__ACTIVITY__: Print the records exactly as they are written.

[Collection entries]
* * * *
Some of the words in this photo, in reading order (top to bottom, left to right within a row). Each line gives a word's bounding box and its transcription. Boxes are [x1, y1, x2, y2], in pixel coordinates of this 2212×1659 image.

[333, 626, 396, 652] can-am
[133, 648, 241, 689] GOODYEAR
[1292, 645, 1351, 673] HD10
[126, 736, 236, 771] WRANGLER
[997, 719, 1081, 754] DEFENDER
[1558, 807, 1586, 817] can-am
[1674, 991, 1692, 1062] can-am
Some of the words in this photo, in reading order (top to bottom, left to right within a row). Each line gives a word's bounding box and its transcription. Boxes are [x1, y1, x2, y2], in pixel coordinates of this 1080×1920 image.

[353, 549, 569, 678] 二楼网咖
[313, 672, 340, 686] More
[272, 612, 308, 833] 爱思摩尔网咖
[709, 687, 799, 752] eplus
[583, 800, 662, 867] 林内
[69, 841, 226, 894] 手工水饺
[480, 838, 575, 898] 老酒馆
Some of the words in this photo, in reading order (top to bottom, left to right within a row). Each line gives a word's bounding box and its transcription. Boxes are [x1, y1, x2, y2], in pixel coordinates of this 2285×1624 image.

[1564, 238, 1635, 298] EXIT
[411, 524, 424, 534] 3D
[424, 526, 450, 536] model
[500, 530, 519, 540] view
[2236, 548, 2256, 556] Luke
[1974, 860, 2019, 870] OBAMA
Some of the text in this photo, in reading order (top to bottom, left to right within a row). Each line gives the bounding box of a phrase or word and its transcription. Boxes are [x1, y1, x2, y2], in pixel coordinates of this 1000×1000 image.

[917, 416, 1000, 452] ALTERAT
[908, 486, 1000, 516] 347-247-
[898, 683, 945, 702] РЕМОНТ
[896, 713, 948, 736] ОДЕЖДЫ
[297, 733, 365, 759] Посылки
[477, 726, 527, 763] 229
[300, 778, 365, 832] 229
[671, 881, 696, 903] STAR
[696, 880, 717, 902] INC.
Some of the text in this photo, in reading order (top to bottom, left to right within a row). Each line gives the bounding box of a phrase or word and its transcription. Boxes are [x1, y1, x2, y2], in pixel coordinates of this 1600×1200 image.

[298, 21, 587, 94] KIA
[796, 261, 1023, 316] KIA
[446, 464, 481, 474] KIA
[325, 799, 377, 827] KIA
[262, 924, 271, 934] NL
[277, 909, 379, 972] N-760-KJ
* * * *
__TASK RESULT__:
Some of the words in this photo, in reading order (top to bottom, left to right within a row). Each line gives a word's bounding box and its transcription. Boxes are [x1, y1, x2, y2], in pixel coordinates of this 2212×1659 image.

[333, 626, 396, 652] can-am
[133, 648, 241, 689] GOODYEAR
[1292, 645, 1351, 673] HD10
[126, 736, 236, 771] WRANGLER
[997, 719, 1081, 754] DEFENDER
[1558, 807, 1586, 817] can-am
[1674, 991, 1692, 1062] can-am
Some of the words in this photo, in reading order (top to bottom, left to right within a row). Each line gives a word's bounding box and its transcription. Boxes are [x1, y1, x2, y2], in pixel coordinates of this 1080×1920 image.

[353, 549, 569, 678] 二楼网咖
[313, 672, 340, 686] More
[272, 612, 308, 833] 爱思摩尔网咖
[709, 687, 799, 752] eplus
[583, 800, 662, 867] 林内
[69, 841, 226, 894] 手工水饺
[480, 838, 575, 898] 老酒馆
Some of the words in this photo, in reading order (top to bottom, left to right within a row). Each line gives a word's bounding box and its transcription. Boxes are [x1, y1, x2, y2], in pixel coordinates of this 2285×1624 image.

[1564, 238, 1635, 298] EXIT
[411, 524, 424, 534] 3D
[424, 526, 450, 536] model
[500, 530, 519, 540] view
[2236, 548, 2256, 556] Luke
[1974, 860, 2019, 870] OBAMA
Some of the text in this photo, in reading order (top to bottom, left to right within a row). Each line gives the bounding box of a phrase or word and its transcription. Boxes are [x1, y1, x2, y2], in pixel coordinates of this 1000×1000 image.

[917, 416, 1000, 452] ALTERAT
[908, 486, 1000, 516] 347-247-
[898, 683, 945, 702] РЕМОНТ
[896, 713, 948, 736] ОДЕЖДЫ
[297, 733, 365, 759] Посылки
[477, 726, 527, 763] 229
[300, 778, 365, 832] 229
[671, 881, 696, 903] STAR
[696, 880, 717, 902] INC.
Some of the text in this photo, in reading order (top to bottom, left to right within a row). Each line gives the bounding box of a phrase or word and its transcription. Boxes are [x1, y1, x2, y2], in pixel coordinates of this 1600×1200 image.

[298, 21, 587, 94] KIA
[796, 261, 1023, 316] KIA
[446, 464, 481, 474] KIA
[325, 799, 377, 827] KIA
[262, 924, 271, 934] NL
[277, 909, 379, 972] N-760-KJ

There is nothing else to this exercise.